= Ghana COVID-19 Private Sector Fund =

Fund

Ghana COVID-19 Private Sector Fund is an initiative by the Government of Ghana (GOG) to help fight the novel corona virus pandemic. The fund was established by ten businessmen and women to raise GHC 100,000 to support the effort of the government by providing intervention to support the public who have been hard hit by the COVID-19 pandemic in Ghana either economically, socially and politically.

== Projects ==

=== Feed - A- Kayayo ===
This project was established to support Kayayei (head porters) with food and accommodation during the lockdown period in other to curb wide spread of the corona virus. This was done to cater for 8000 head porters of which 6000 were in Accra and 2000 were in Kumasi. The duration of the intervention was from 1 April 2020 to 12 April 2020. There was an extension of the support.
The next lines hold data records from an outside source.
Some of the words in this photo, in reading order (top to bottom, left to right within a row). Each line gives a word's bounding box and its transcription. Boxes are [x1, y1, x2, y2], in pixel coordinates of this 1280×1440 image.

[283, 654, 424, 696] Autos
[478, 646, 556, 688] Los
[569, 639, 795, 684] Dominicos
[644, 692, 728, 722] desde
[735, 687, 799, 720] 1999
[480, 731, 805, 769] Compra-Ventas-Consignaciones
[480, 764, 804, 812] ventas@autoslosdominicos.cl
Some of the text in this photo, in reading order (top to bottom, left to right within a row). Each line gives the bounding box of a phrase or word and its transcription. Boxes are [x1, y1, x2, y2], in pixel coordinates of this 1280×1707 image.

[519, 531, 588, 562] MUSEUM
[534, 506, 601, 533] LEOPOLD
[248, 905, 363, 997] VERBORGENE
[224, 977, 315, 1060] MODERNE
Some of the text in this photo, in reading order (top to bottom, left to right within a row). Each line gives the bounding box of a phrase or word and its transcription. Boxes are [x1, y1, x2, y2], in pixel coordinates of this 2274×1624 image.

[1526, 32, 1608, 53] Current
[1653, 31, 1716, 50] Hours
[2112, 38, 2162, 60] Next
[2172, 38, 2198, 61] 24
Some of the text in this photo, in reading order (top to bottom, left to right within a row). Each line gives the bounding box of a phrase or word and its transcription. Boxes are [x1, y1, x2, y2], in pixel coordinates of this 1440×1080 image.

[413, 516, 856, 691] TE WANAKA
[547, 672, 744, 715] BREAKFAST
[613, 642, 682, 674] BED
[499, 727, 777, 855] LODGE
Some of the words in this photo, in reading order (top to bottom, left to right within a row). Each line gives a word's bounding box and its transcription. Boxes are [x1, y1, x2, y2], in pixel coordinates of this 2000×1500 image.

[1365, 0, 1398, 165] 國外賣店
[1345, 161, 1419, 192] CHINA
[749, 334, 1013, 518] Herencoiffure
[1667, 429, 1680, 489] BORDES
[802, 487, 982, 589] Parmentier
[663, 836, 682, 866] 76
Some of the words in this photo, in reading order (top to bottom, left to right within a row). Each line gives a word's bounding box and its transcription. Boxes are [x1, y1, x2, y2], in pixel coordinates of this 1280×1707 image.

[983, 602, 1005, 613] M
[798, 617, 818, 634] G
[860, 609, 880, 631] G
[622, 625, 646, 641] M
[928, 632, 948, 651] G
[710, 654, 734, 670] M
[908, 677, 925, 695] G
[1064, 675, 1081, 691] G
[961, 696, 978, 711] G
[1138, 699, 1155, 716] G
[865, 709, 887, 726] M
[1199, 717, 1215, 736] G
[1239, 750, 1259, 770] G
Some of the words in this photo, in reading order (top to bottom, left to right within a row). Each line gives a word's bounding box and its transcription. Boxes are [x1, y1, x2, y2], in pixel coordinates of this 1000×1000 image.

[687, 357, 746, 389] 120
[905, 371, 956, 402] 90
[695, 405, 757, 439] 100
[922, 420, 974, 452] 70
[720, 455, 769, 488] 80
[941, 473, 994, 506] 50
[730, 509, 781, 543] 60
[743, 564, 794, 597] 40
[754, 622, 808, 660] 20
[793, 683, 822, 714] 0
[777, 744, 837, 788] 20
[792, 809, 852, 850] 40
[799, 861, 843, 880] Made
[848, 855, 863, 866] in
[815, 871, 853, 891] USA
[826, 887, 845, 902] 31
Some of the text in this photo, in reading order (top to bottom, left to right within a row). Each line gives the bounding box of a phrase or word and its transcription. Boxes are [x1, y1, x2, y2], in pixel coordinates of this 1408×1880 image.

The project was led by Julie Essiam the Commission at GRA.

=== Ghana Infectious Disease Centre ===
The Ghana Infectious Disease Centre was built because the country did not have an infectious disease centre, so there was a need to build on through the use of the COVID-19 fund. On 21 August, the Ghana COVID-19 Private Sector Fund received GHS6.8 million from the Ghana COVID-19 National Trust Fund to contribute to the construction of the Ghana Infectious Disease Centre.